BASEADO EM UMA HISTÓRIA REAL
Quarto 2108

(Imagem: Pinterest)
Guilherme já tinha trabalhado em uma empresa anteriormente. Quando voltou este ano, havia algo novo por lá: Maria.
Ele precisava resolver uma demanda que envolvia o setor dela e nem sabia ainda quem ela era. Só sabia que chegaria em breve.
Quando ela chegou, sentiu aquele frio na barriga que a gente tenta racionalizar. "Deve ser coisa da minha cabeça." Mas não era.
Nos dias em que Maria aparecia na empresa, Guilherme se pegava mais animado. Os encontros eram rápidos, limitados ao necessário do trabalho, mas suficientes para que ele começasse a suspeitar de que talvez aquilo fosse recíproco.
Mandou mensagem no Instagram, mas não teve resposta. No dia seguinte, brincou:
— Nossa, nem me respondeu.
Maria ficou sem graça. Naquela mesma noite, respondeu. Dali em diante, não pararam mais de conversar — às vezes, madrugadas inteiras.

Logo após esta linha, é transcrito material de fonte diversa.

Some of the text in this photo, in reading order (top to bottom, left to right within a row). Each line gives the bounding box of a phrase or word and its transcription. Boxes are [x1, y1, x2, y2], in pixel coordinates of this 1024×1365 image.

Guilherme, que nunca abria mão das suas oito horas de sono, passou a dormir tarde. Descobriram gostos em comum que pareciam improváveis: os dois amavam filmes de romance, odiavam dormir acompanhados e eram fãs de Luan Santana.

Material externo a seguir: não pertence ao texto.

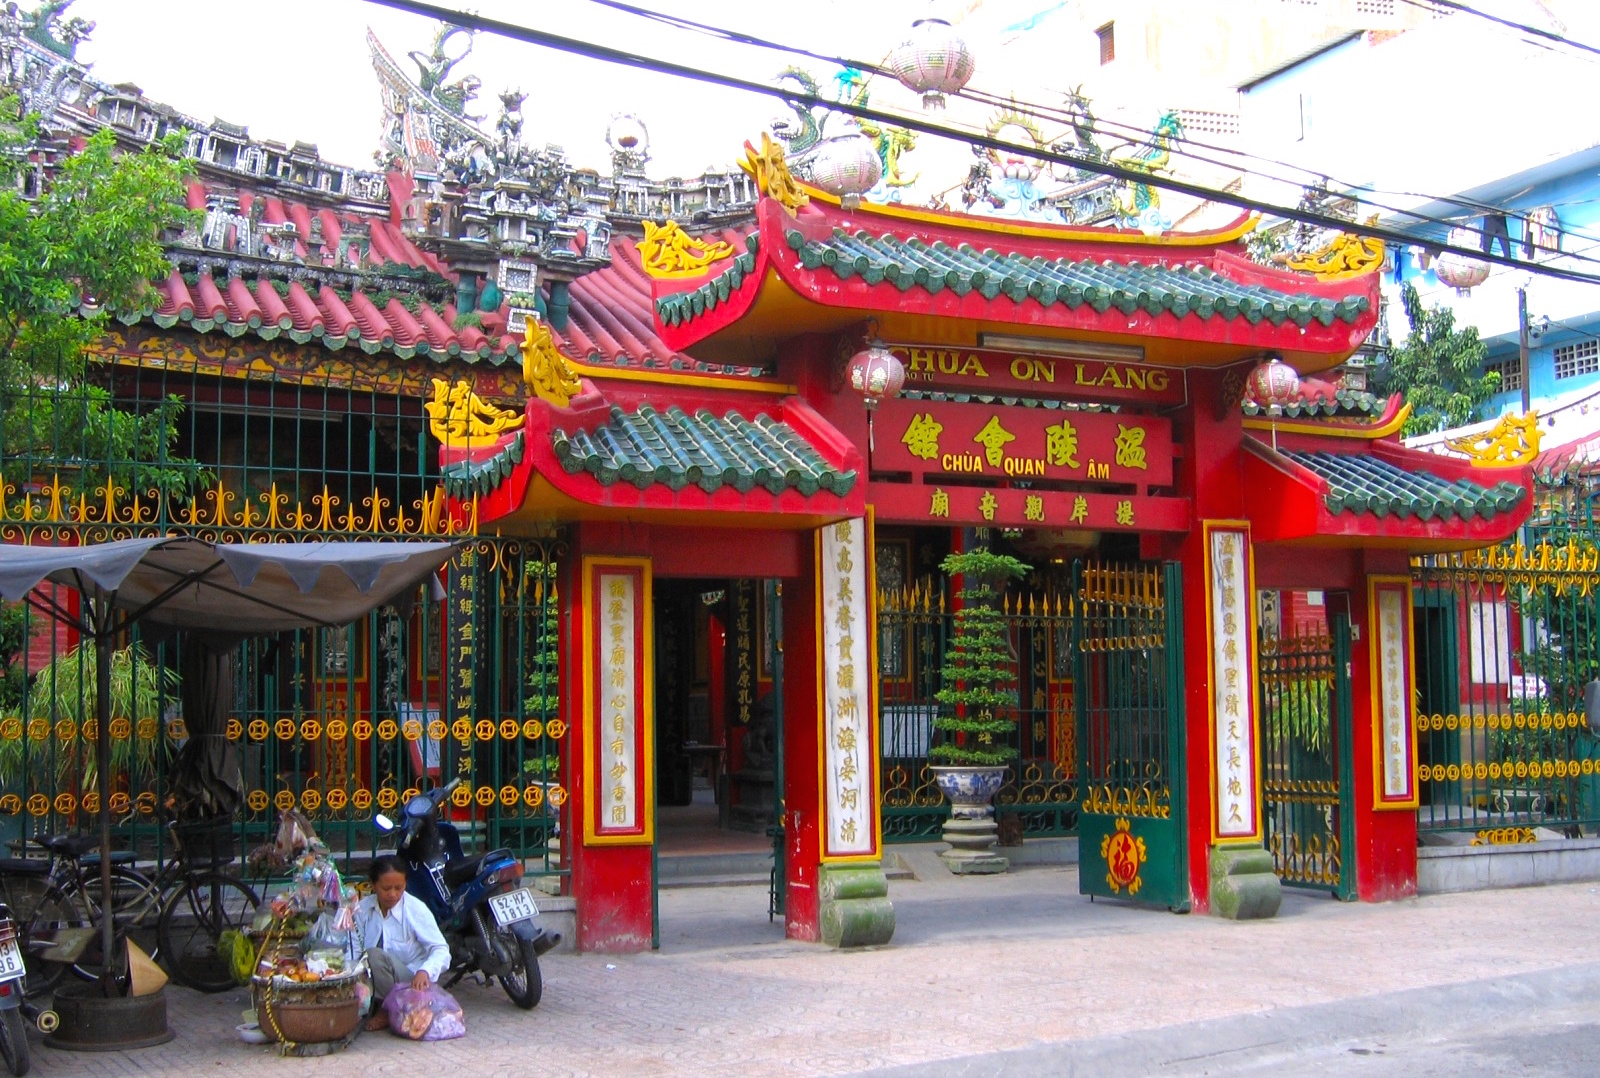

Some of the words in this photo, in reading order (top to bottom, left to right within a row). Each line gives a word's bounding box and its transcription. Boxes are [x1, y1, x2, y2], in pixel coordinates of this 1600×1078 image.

[1075, 362, 1170, 391] LĂNG
[942, 451, 983, 473] CHÙA
[1004, 457, 1045, 476] QUAN
[1087, 459, 1110, 479] ÂM
[502, 904, 531, 920] 1813
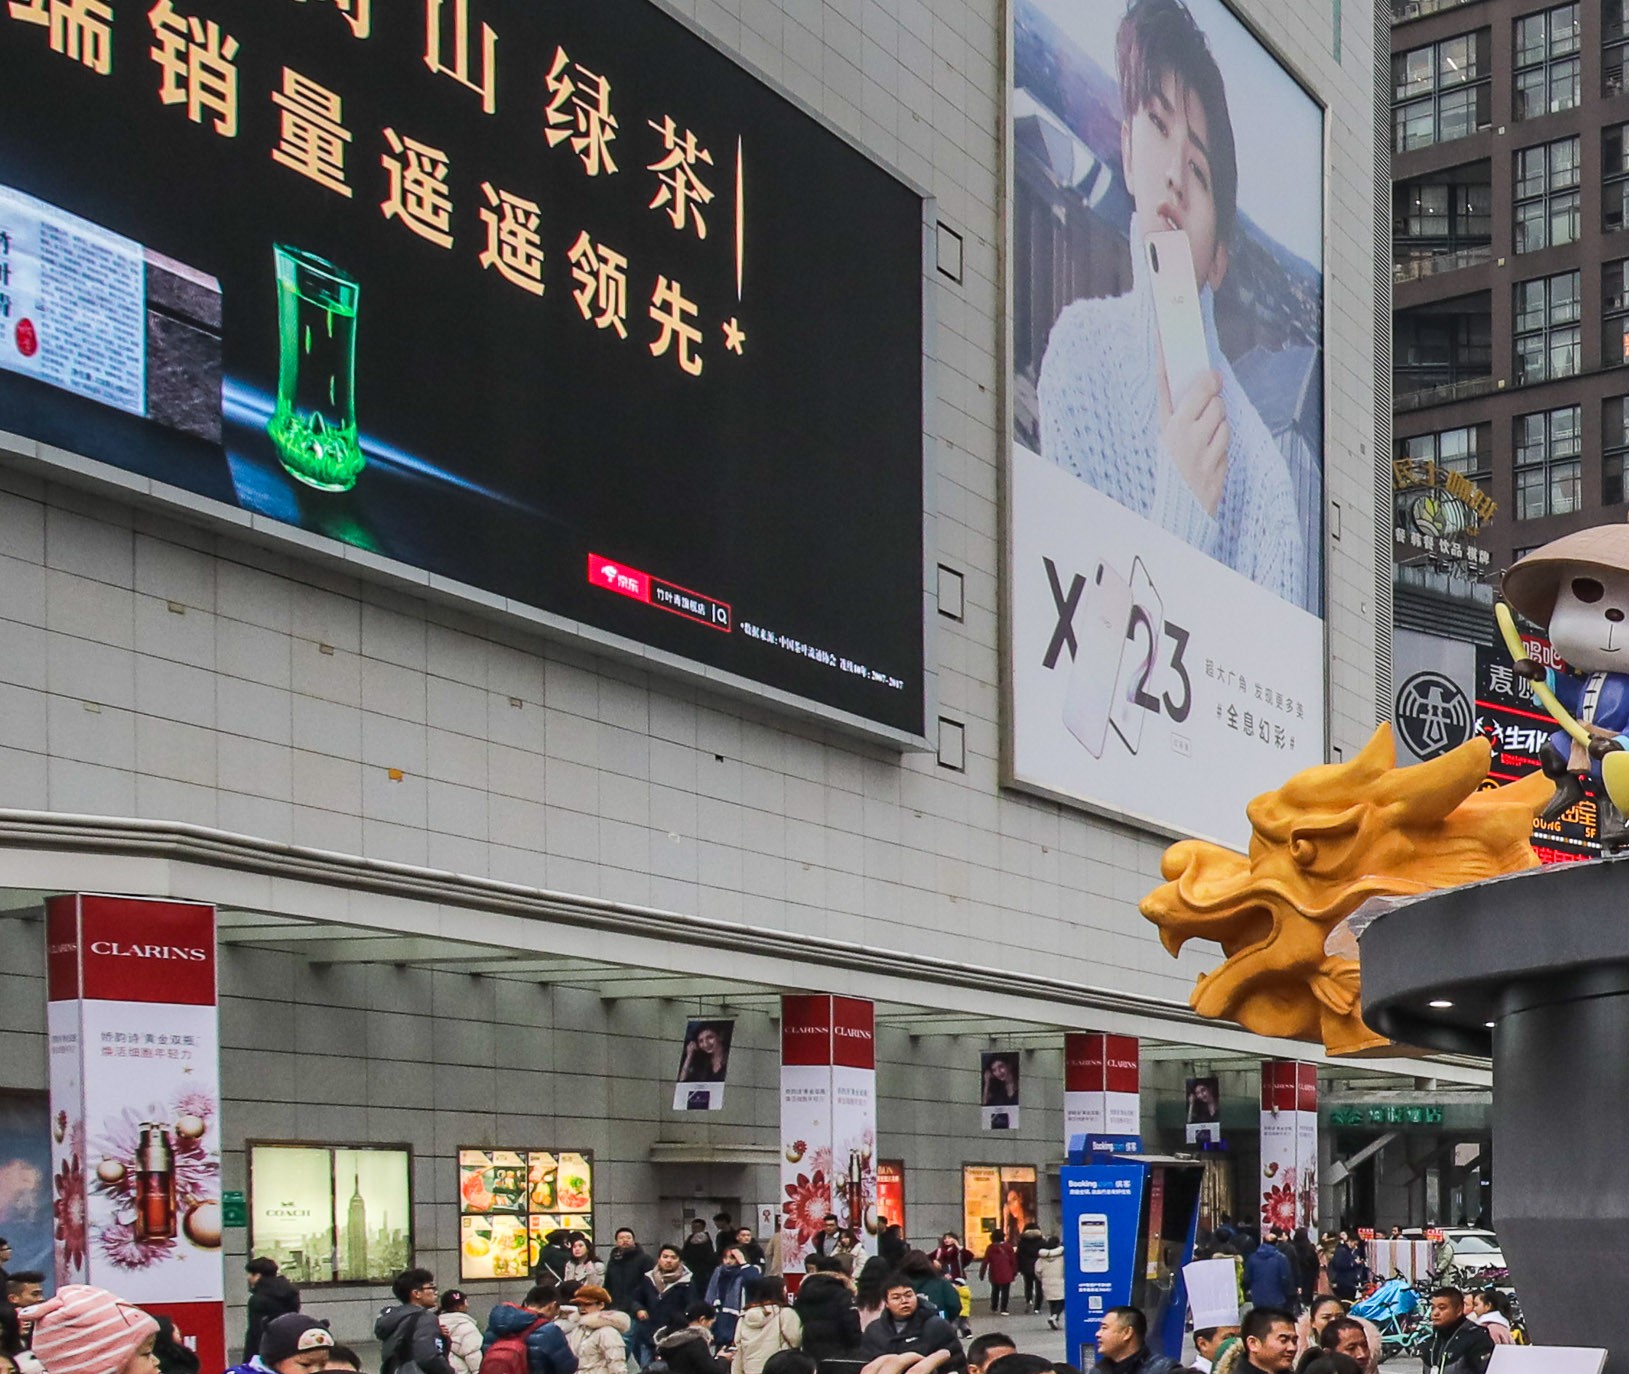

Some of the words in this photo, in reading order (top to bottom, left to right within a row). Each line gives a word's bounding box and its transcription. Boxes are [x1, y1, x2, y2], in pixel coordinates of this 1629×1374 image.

Foi numa dessas conversas que Maria confessou:
— Acho que arrumamos um problema.
Ela queria dizer que tantas coincidências não podiam significar coisa boa. Guilherme riu, mas, no fundo, sabia que ela tinha razão.

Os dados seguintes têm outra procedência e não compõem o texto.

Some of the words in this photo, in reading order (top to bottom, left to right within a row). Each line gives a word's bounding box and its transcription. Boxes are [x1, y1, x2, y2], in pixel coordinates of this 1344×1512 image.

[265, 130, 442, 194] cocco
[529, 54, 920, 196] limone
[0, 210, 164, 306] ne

Maria fazia uma hora de carro até a faculdade. E foi entre o trânsito e as mensagens trocadas nesse percurso que os dois realmente se conheceram.
Trabalhavam na mesma empresa e preferiram manter tudo em silêncio por enquanto. Oito anos de diferença. Setores diferentes. Muitas pessoas curiosas. Não era hora de chamar atenção.
Marcaram um café. O encontro durou horas. Falaram sobre trabalho, expectativas, medos, sonhos e sobre tudo aquilo que normalmente demora meses para aparecer.
Na despedida, o beijo foi inevitável. Ficaram três horas dentro do carro sem vontade de ir embora e combinaram de se ver novamente.
O encontro seria num hotel. O quarto era o 2108.
O plano era simples: passar a tarde juntos e voltar para casa, mas o tempo começou a funcionar de outro jeito. Quando perceberam, a noite tinha chegado. A diária já estava paga. Por que não ficar?
Maria queria; Guilherme também. A tarde que deveria terminar à noite durou até segunda-feira de manhã.
Naquele fim de semana, Maria apresentou a Guilherme a comida árabe que ele nunca tinha experimentado. Ele descobriu uma pasta de dente de sabor diferente e decidiu que era a melhor do mundo.
Os dois, que sempre disseram odiar dormir abraçados, descobriram que quase não conseguiam dormir separados.
No fim de semana seguinte, voltaram ao quarto 2108, dessa vez levando vários sabores de pasta de dente para experimentar juntos, como se aquilo fosse uma brincadeira séria.
Guilherme diz que, ao lado de Maria, consegue ser exatamente quem é. Fala dos sentimentos que normalmente esconderia e das inseguranças que raramente compartilha.
Ela, mais quieta, carismática sem perceber o tamanho do próprio brilho, tem o talento raro de fazer as pessoas se sentirem em casa.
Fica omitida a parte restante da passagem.